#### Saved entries
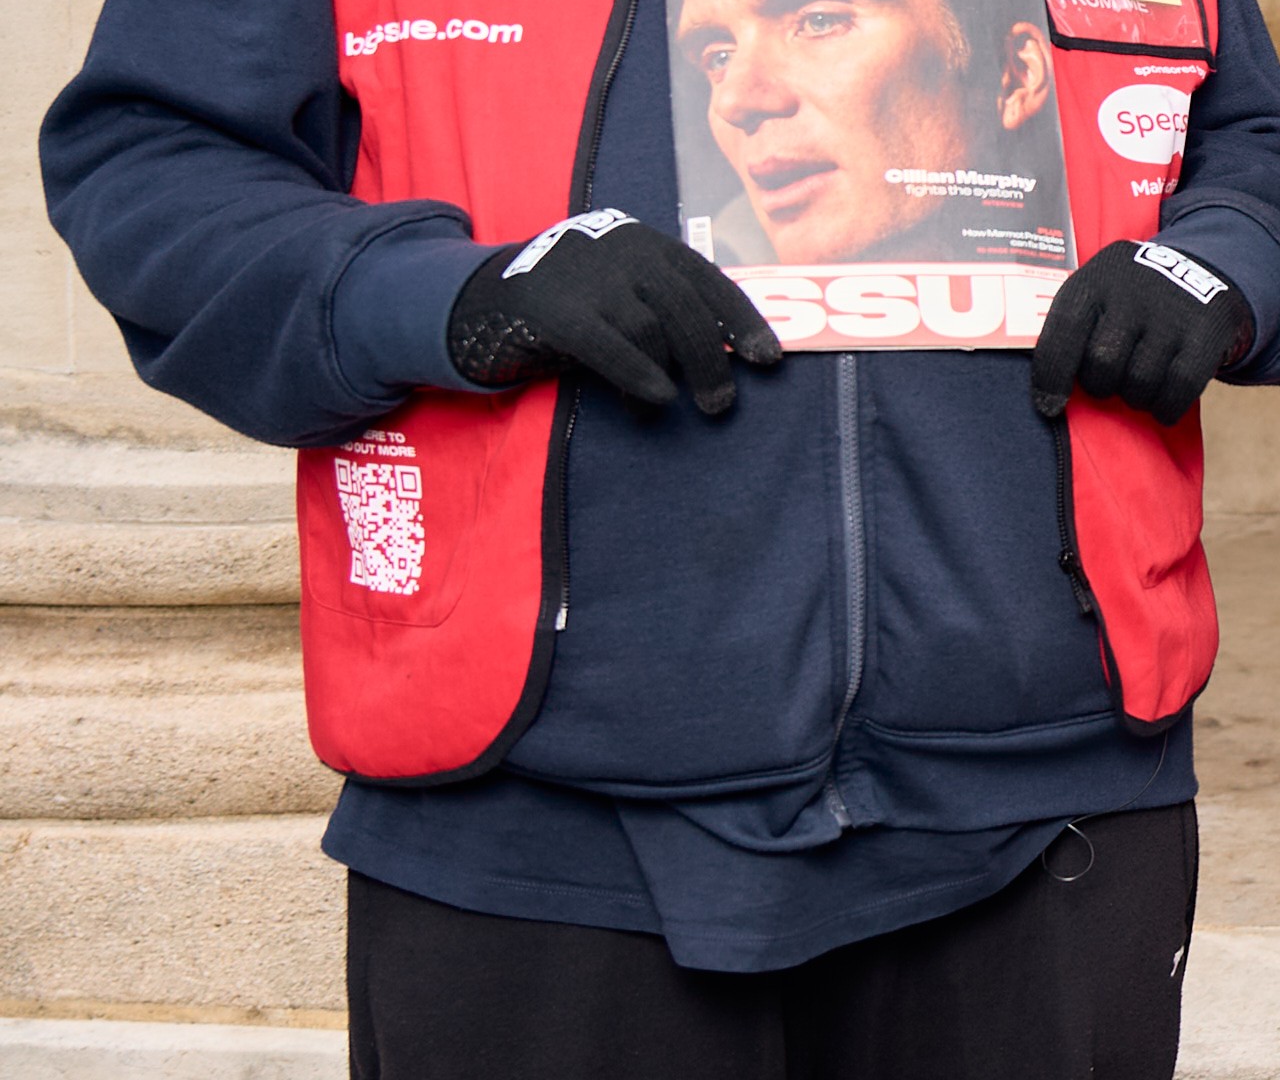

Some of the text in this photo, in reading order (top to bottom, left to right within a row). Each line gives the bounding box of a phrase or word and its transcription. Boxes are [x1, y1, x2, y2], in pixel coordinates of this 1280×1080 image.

[1134, 65, 1196, 77] sponsored
[884, 168, 1036, 192] Cillian Murphy
[905, 183, 1024, 200] fights the system
[387, 432, 406, 444] TO
[354, 442, 377, 455] OUT
[377, 445, 416, 458] MORE
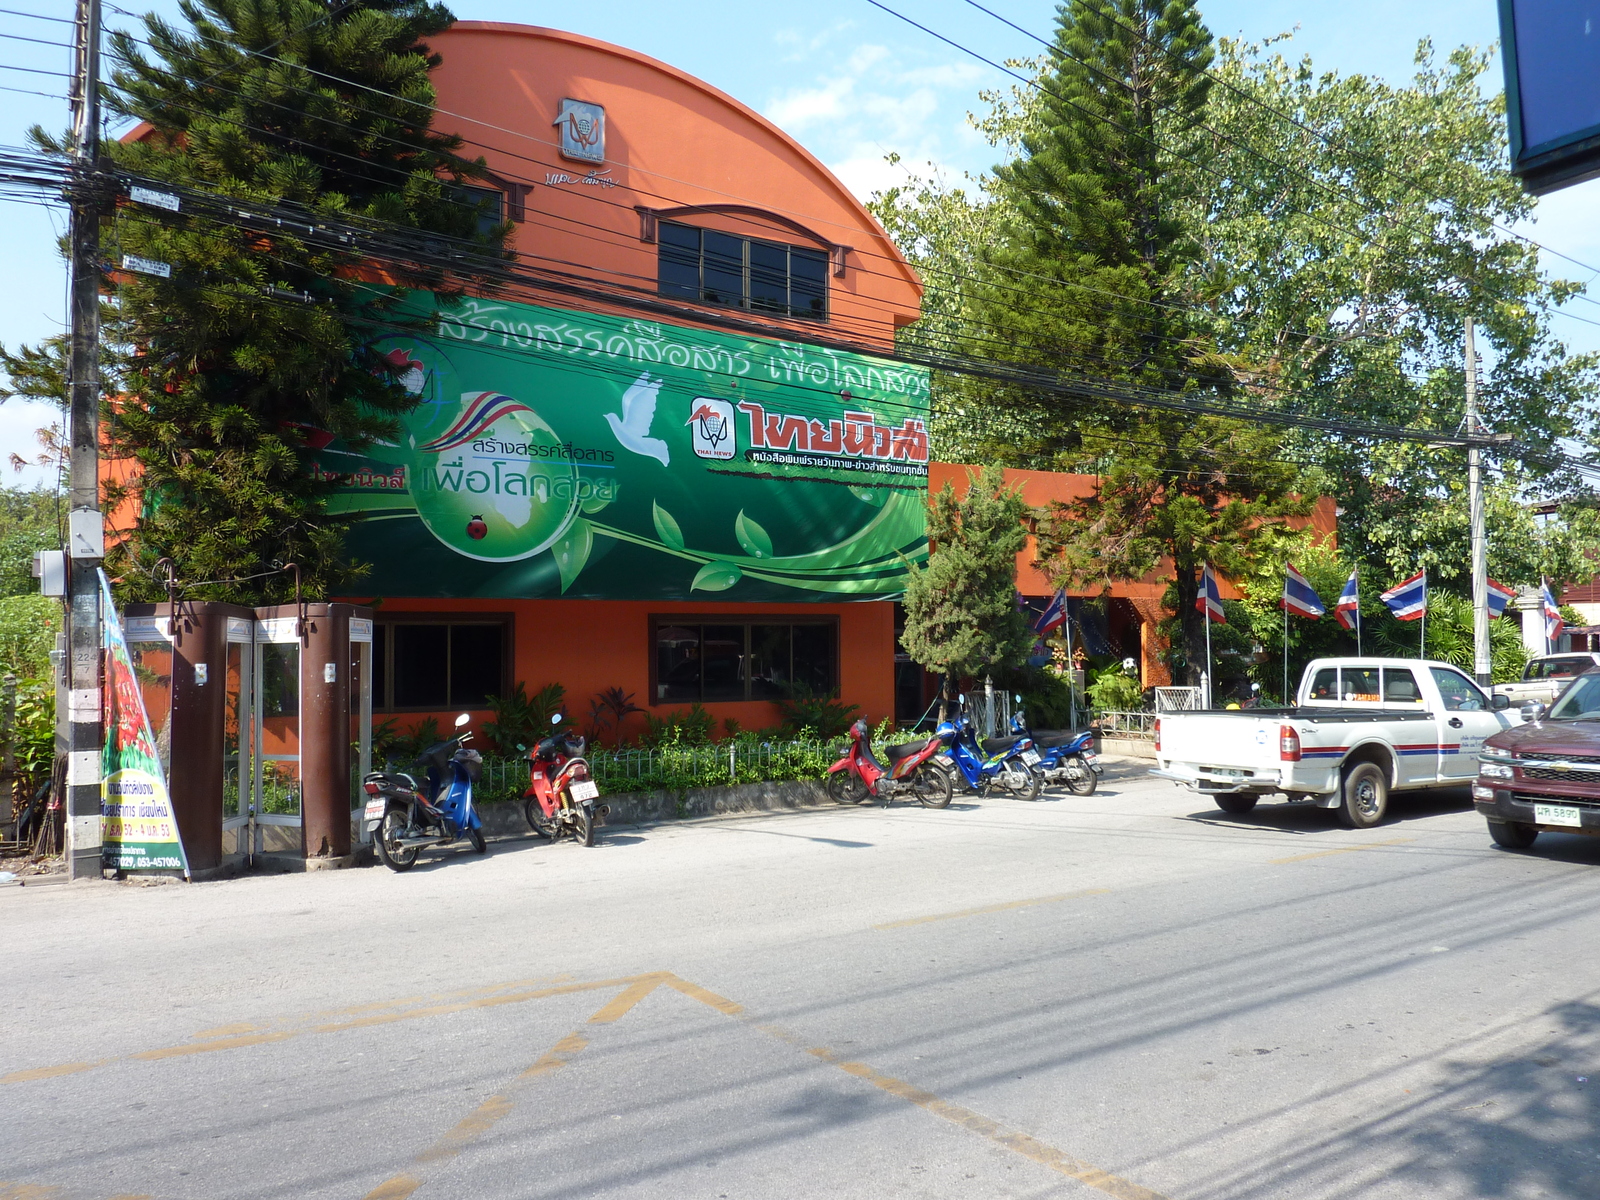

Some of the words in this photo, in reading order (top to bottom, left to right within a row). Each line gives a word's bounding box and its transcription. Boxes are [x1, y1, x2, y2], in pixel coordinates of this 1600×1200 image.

[736, 399, 929, 464] ไทยนิวส์
[472, 437, 615, 462] สร้างสรรค์สื่อสาร
[422, 456, 617, 501] เพื่อโลกสวย
[1553, 808, 1578, 819] 5890
[137, 857, 182, 868] 053-457006

#### ACTIVITY
Copy every record exactly, dropping the images.

#### EXERCISE ANSWER
Some of the text in this photo, in reading order (top to bottom, left to right within a row). Each line gives the bounding box of a phrase or word and its transcription. Boxes are [x1, y1, x2, y2], in pixel coordinates of this 1280×1080 image.

[1134, 65, 1196, 77] sponsored
[884, 168, 1036, 192] Cillian Murphy
[905, 183, 1024, 200] fights the system
[387, 432, 406, 444] TO
[354, 442, 377, 455] OUT
[377, 445, 416, 458] MORE

Some of the words in this photo, in reading order (top to bottom, left to right within a row). Each line gives a word's bounding box and its transcription. Boxes are [x1, y1, x2, y2], in pixel coordinates of this 1600×1200 image.

[736, 399, 929, 464] ไทยนิวส์
[472, 437, 615, 462] สร้างสรรค์สื่อสาร
[422, 456, 617, 501] เพื่อโลกสวย
[1553, 808, 1578, 819] 5890
[137, 857, 182, 868] 053-457006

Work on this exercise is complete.